A: We currently have around 40,000 customers within Propel and this is still growing despite the expected Covid slowdown, but things are definitely picking up again now with the need for finance being stronger than ever for UK SMEs. We have strong partnerships with over 400 vendors who offer our finance to their customers and also direct with UK businesses. One of our big areas of focus in 2020 is on new partnerships and we have already put a few in place thus giving the ability to offer asset finance to other companies’ customers; this goes from other commercial finance lenders, accountants and other platforms who receive enquiries from UK companies for finance help.
Q: Propel has a big customer base, what’s been your experience in showing clients’ forbearance during the pandemic?

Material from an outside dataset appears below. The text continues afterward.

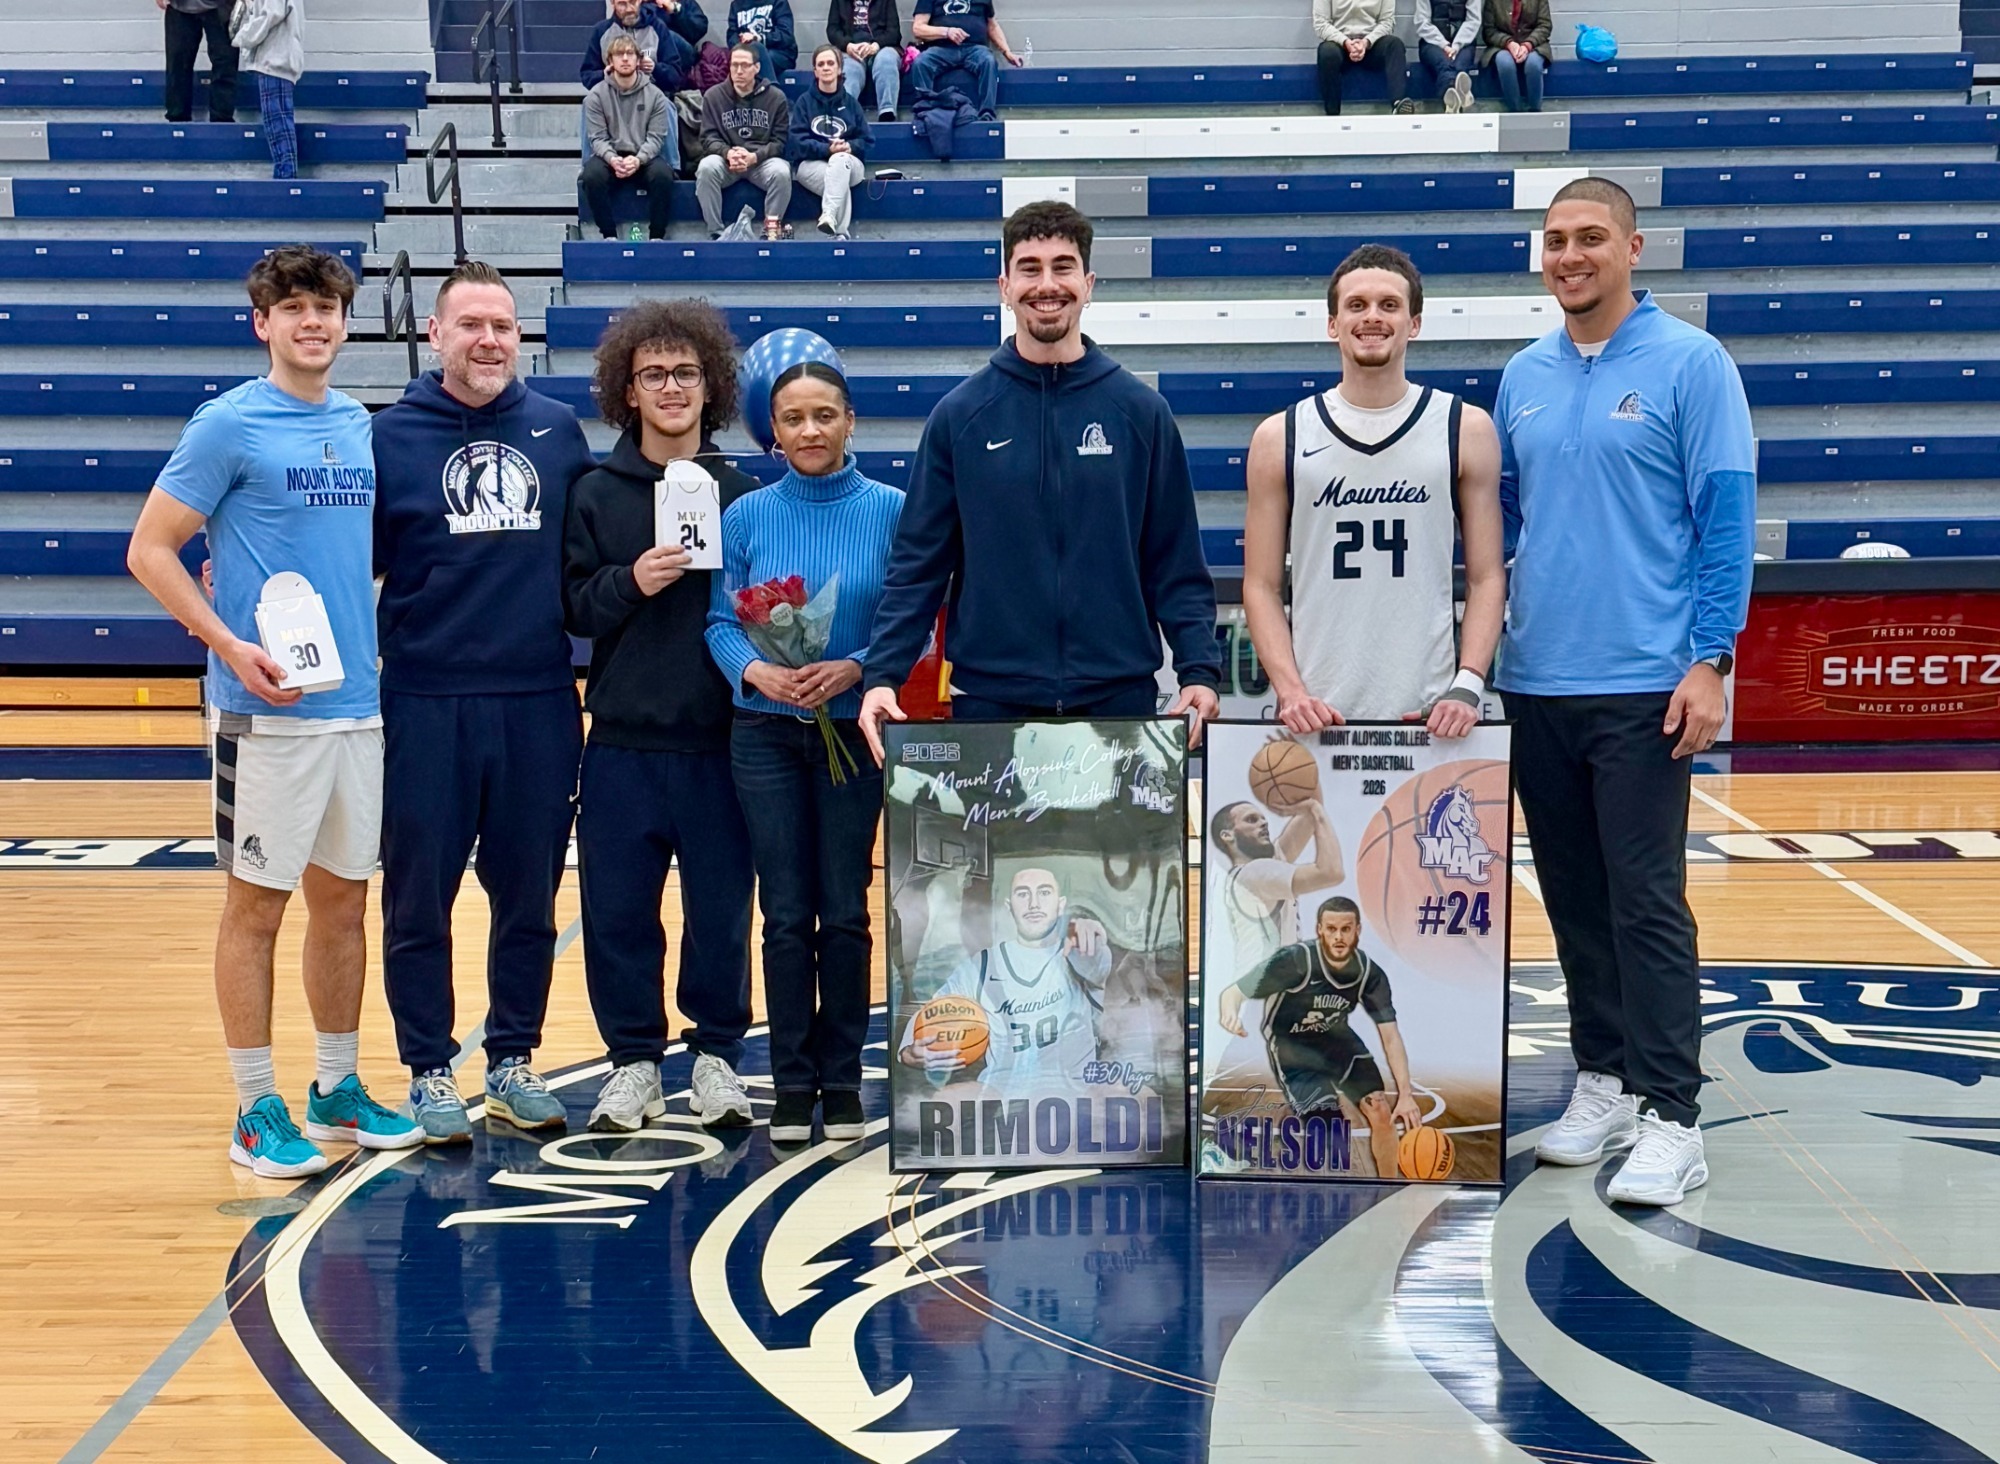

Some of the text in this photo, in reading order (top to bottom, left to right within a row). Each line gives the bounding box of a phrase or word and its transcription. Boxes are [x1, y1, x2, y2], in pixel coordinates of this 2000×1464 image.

A: Our primary focus regarding our customers who needed help during the Covid period was to be available when they needed us, to react quickly to any questions and to take away as much stress as possible during this impossibly hard time for them.
Being a relatively small organization, we were able to rapidly set up from scratch a dedicated forbearance team of 26 employees drawn from other areas of the business thus making sure we were able to deal with requests immediately when they came into us. During the interim period we have stayed in regular contact with our customers and understand how their situations are evolving and gauging how best to support them ongoing.
The feedback from our customers has been very positive and they tell us we have been one of the easier lenders to deal with during their conversations; and some are even now coming back for new business having re-opened which is lovely to see.
Q: Did you need to furlough any staff?
A: We did furlough a small percentage of our staff, but the majority were either redeployed or remained in their existing roles working from home. However, from the end of August all employees will be back in the business as we springboard back into business as usual.
Q: What do you think the main challenge that Propel will have to overcome in a post lockdown UK will be? How do you plan to overcome this?
A: Undoubtedly we will need to innovate in terms of how we structure and organise the work environment. Thinking of a time when everyone is back in the office is hard and we have seen so many benefits from the current home working period, so we want to make sure that we don’t lose all of these. Realistically we need to make flexible working much more common and that will require some planning and changes in technology too.
Also supporting our customers in the new world is going to be key; and we are rapidly implementing a wider transformation plan to ensure that we make the most of technologies to offer the best possible customer experience where they can transact with us on the terms and timings that suit them not us.
I am very occasionally envious of people who say that they were able to grow vegetables, take up a new hobby, redecorate their house during lockdown as at Propel we have been busier than ever supporting our customers and planning to hit the ground running post lockdown. So we have a plan, it is underway, and we will continue to review and refine it as post lockdown events unfold.
Anne Williams is chief operating officer at Propel Finance (formerly Henry Howard Finance).
Juliette Salgado Smith is studying for a BA in history and politics at the University of York.